You bring up some really excellent points. I bet there is more to the story here. Maybe M+G purposely did not integrate the heritage buildings into their proposal so it can be offered as a concession in exchange for keeping the density. Similar to the effective tactic of proposing at a higher height than desired so a reduction to the desired height can be offered as an artificial concession during the planning review process.

freshcutgrass, the city and developer, together with other stakeholders on the panel, will work to resolve outstanding issues. Anything that isn't resolved by March 20 goes to an independent arbitrator. If there are still unresolved issues, the OMB will hear and rule..

If M+G and the city can reach an agreement on the heritage issue but density or parking remains outstanding, the OMB can rule specfically on those outstanding issues. As for density, when factoring in a conservation agreement for Ed Mirvish Theater and including it as part of the development, which is on the table, the densities would be in line with what has previously been approved in the area.

I believe good things will come from this panel, and I can't wait to get reports back from the public meeting to be held next month.

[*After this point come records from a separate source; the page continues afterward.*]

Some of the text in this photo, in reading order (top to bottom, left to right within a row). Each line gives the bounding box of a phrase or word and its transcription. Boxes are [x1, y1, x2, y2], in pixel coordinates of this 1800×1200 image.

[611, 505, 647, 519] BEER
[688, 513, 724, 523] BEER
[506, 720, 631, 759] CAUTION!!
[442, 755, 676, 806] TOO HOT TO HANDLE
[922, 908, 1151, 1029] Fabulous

As for the heritage folks (adma et al), you guys do realize that the city's primary concerns do not include the destruction of the heritage buildings. A more modest proposal of about 50 storeys or so that conformed with what has previously been developed probably would have been recommended for approval. At best, the developer could probably get away with token facadism.
 
Well said on all counts, fedplanner.
This kind of horse-trading (facades for height or whatever) is all part of the process which is something I think some of the "leave it as is!" people here have totally missed.

I think the heritage situation we're discussing is fairly unusual, since the Heritage Act was revised. I can't imagine there have been many (or possibly any) instances of the OMB to permitting demolition of a designated building when council has refused demolition. s.34 implies it's possible but you can see how serious a move by the OMB that would move, effectively overruling TWO council decisions in one swoop.

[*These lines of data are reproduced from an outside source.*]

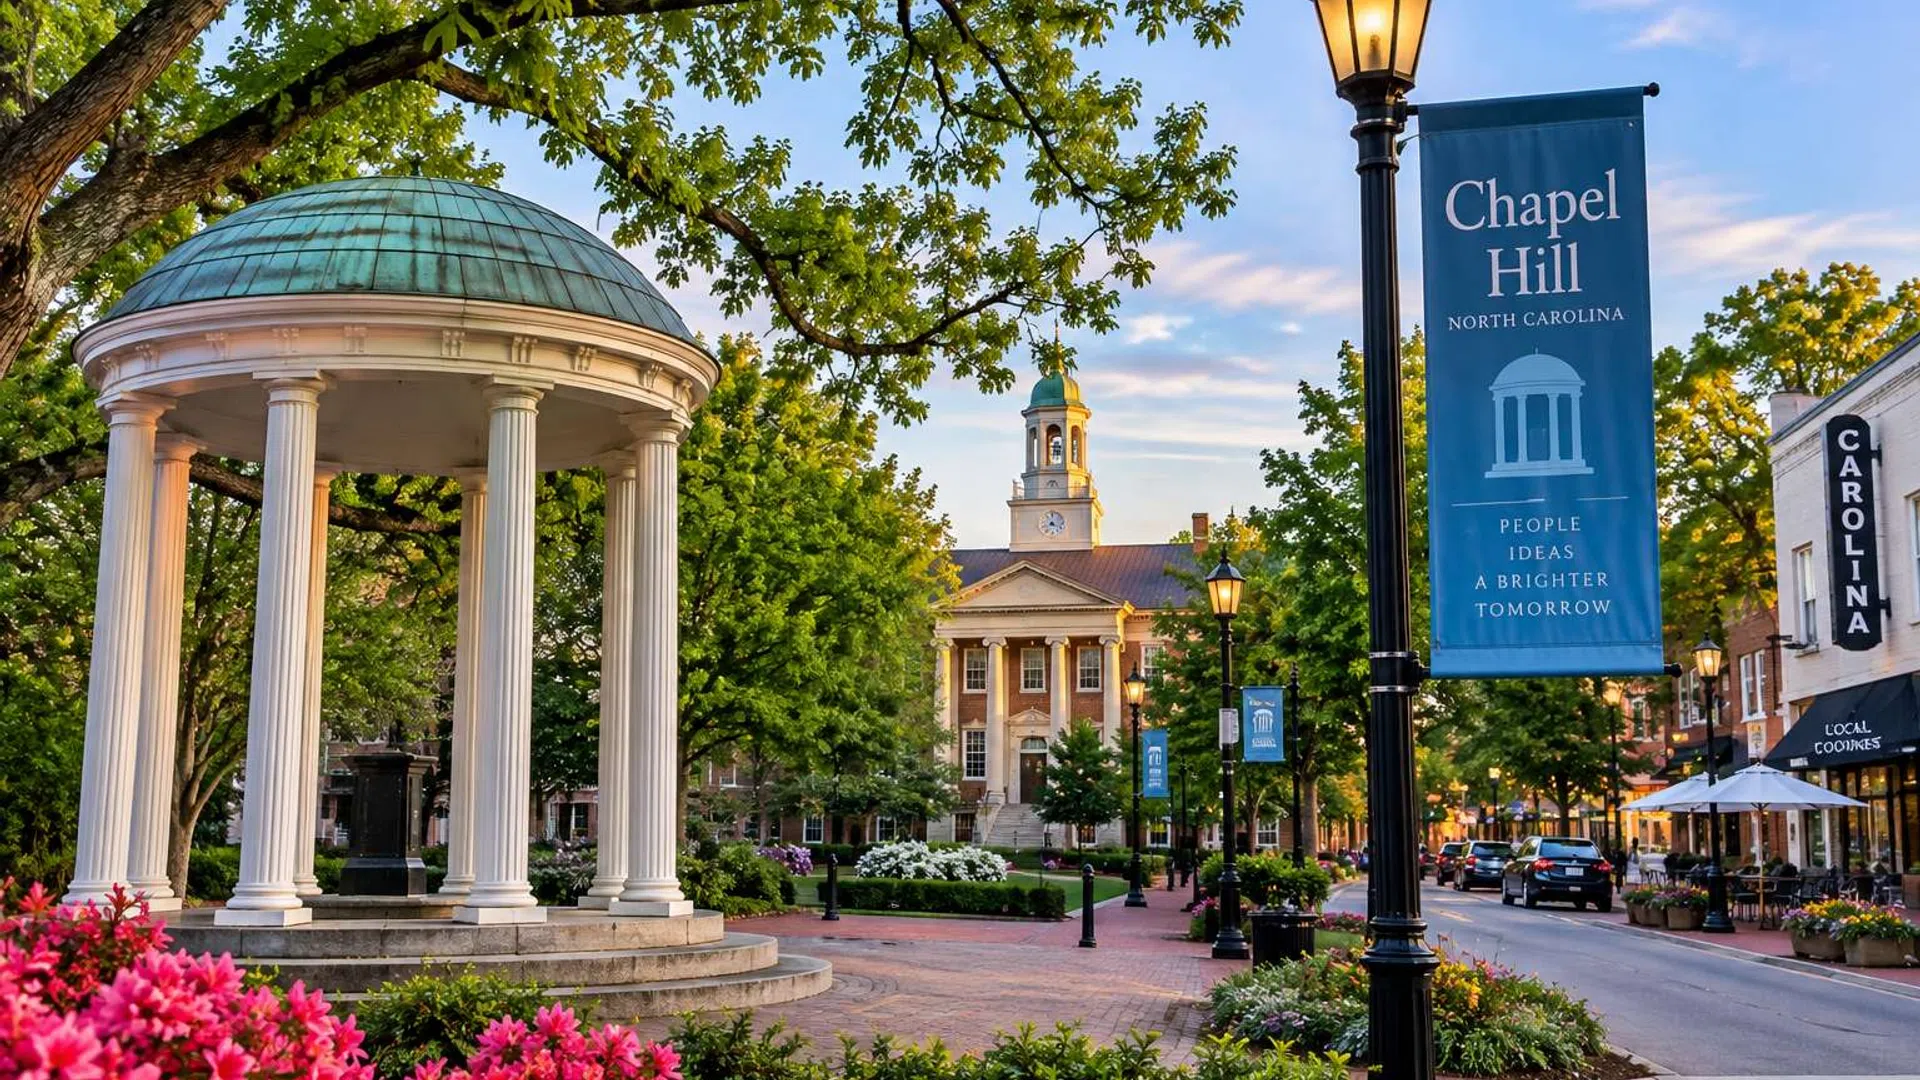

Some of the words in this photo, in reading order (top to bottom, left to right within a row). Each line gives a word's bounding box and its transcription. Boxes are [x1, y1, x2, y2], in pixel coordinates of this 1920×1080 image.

[1445, 168, 1621, 239] Chapel
[1487, 242, 1583, 298] Hill
[1448, 312, 1516, 331] NORTH
[1523, 307, 1625, 327] CAROLINA
[1500, 516, 1581, 534] PEOPLE
[1838, 429, 1870, 634] CAROLINA
[1510, 545, 1574, 561] IDEAS
[1475, 575, 1488, 590] A
[1498, 572, 1609, 589] BRIGHTER
[1474, 600, 1612, 618] TOMORROW
[1825, 720, 1872, 737] LOCAL
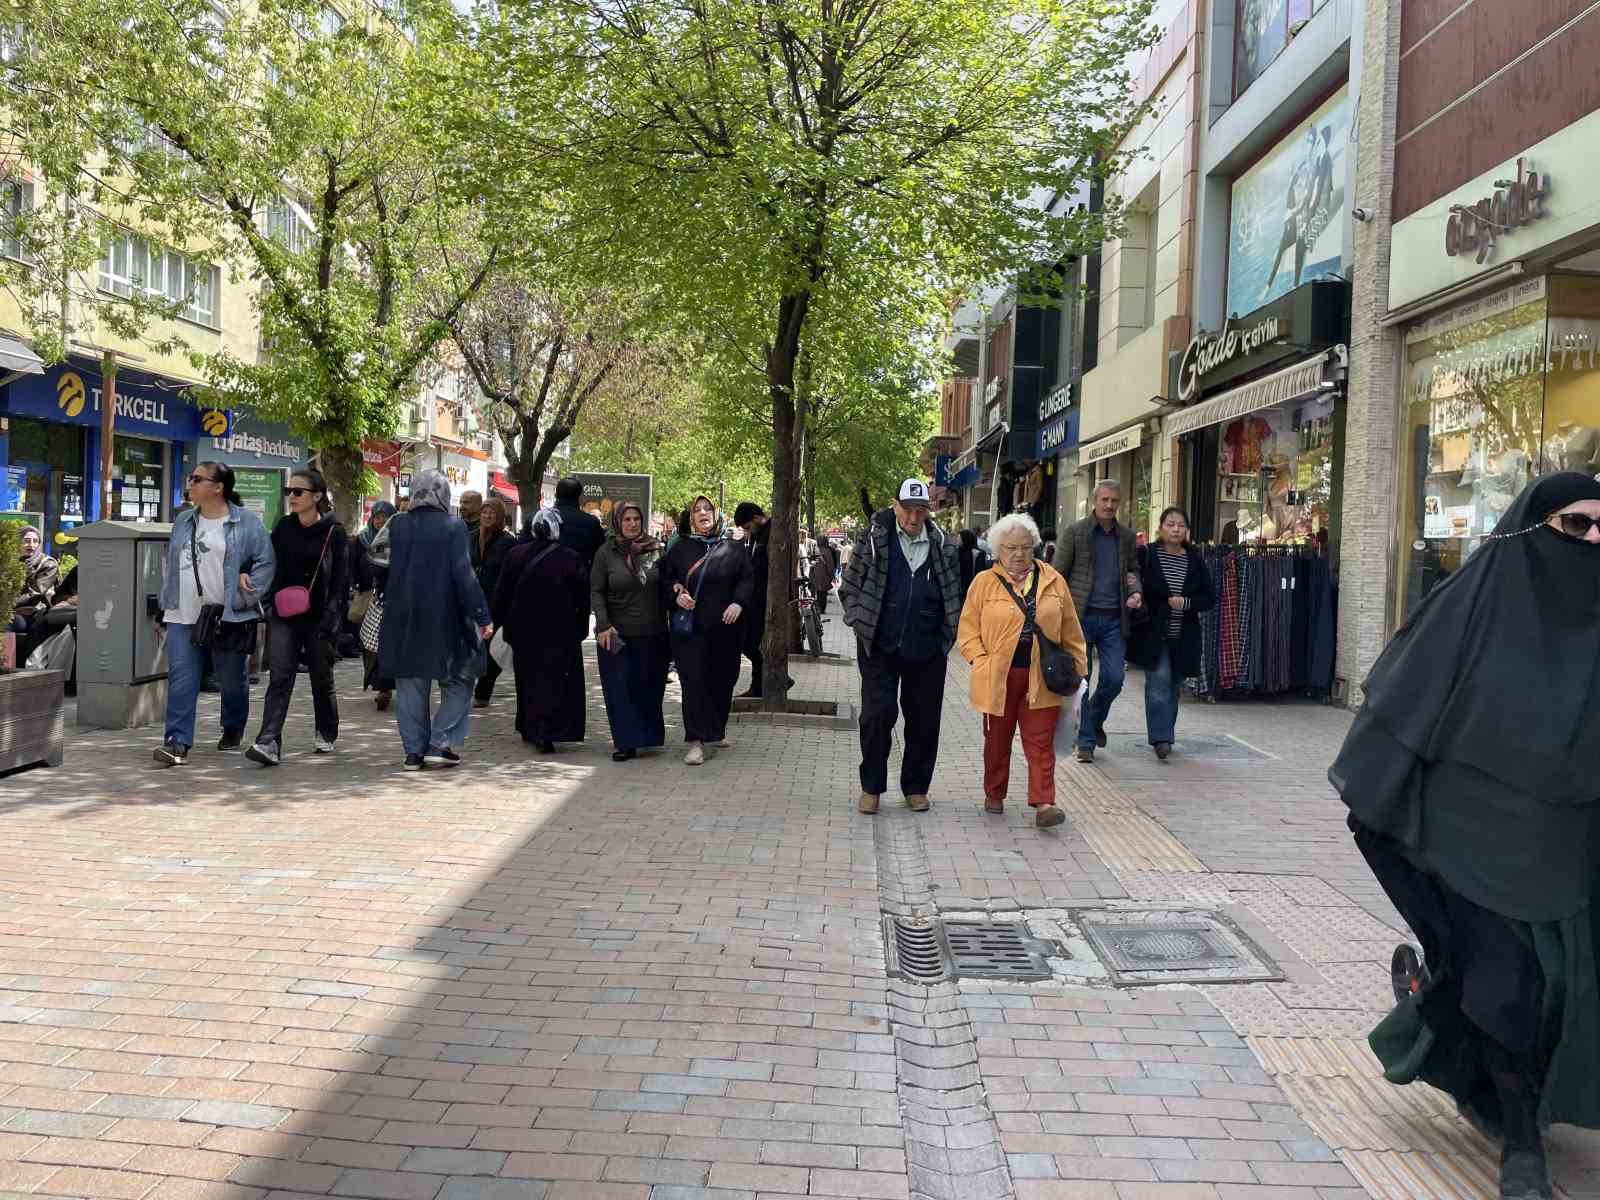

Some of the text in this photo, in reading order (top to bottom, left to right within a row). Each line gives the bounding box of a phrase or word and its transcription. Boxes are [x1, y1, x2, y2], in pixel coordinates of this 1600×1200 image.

[1178, 318, 1239, 400] Gözde
[91, 387, 169, 425] TRKCELL
[262, 436, 300, 463] bedding
[1042, 430, 1047, 450] G
[1047, 419, 1065, 448] MANN

s.34 of the Heritage Act, which didn't exist until 2005(?) is fairly explicit:
"Demolition or removal of structure
34. (1) No owner of property designated under section 29 shall demolish or remove a building or structure on the property or permit the demolition or removal of a building or structure on the property unless the owner applies to the council of the municipality in which the property is situate and receives consent in writing to the demolition or removal...."

There is a hierarchy of laws and the Planning Act (and OMB) might trump the Heritage Act (and CRB) but I have a feeling that would be quite a headline grabber if it actually happened. Since the OMB doesn't deal with heritage issues, per se, I'd think the CRB would get involved but...it definitely gets murky. I do know the CRB has less power than the OMB. The OMB actually imposes decisions whereas the CRB just makes recommendations to council.

The bit about the demolition refusal being in the report when it wasn't specifically requested is kind of amusing. But if the plans showed the buildings gone, I think one could reasonably infer they were being demolished. Still, I can see why M&G's lawyer would say, "We never even asked for a demolition!"
 
Since the appeal presupposes that the building was designated as heritage, then it does not seem enough to say "oh well, the building was listed, we (the OMB) aren't going to do anything". Why then would it have the power to order the municipality to consent to demolition?

The province created that amendment for that very purpose when the act was changed in 2005. Why would they go to the trouble of creating legislation they can't use? The answer is of course they wouldn't. When the province gave municipalities new powers, they balanced that with an appeal process with the OMB.


Maybe M+G purposely did not integrate the heritage buildings into their proposal so it can be offered as a concession in exchange for keeping the density. Similar to the effective tactic of proposing at a higher height than desired so a reduction to the desired height can be offered as an artificial concession during the planning review process.

No, I would think they didn't include the warehouses in the proposal, because they don't want it as part of the project. Also, applying for or appealing to the OMB fro demolition is a simple matter. "Alterations" to a designated heritage property presents an extremely complicated matter...murky water which I'm sure they aren't interested in wading into.


This kind of horse-trading (facades for height or whatever) is all part of the process which is something I think some of the "leave it as is!" people here have totally missed.

Facadism quite often does no favours for either the old or the new.


The only facadism I see even remotely being considered by M&G, is possibly tacking it on the backside of the project...but not King Street. Not only are these not very attractive buildings for a facadsm, they don't meet the street well and this project needs larger setbacks to match the setbacks on the other parts of King.
 
I can't imagine there have been many (or possibly any) instances of the OMB to permitting demolition of a designated building when council has refused demolition.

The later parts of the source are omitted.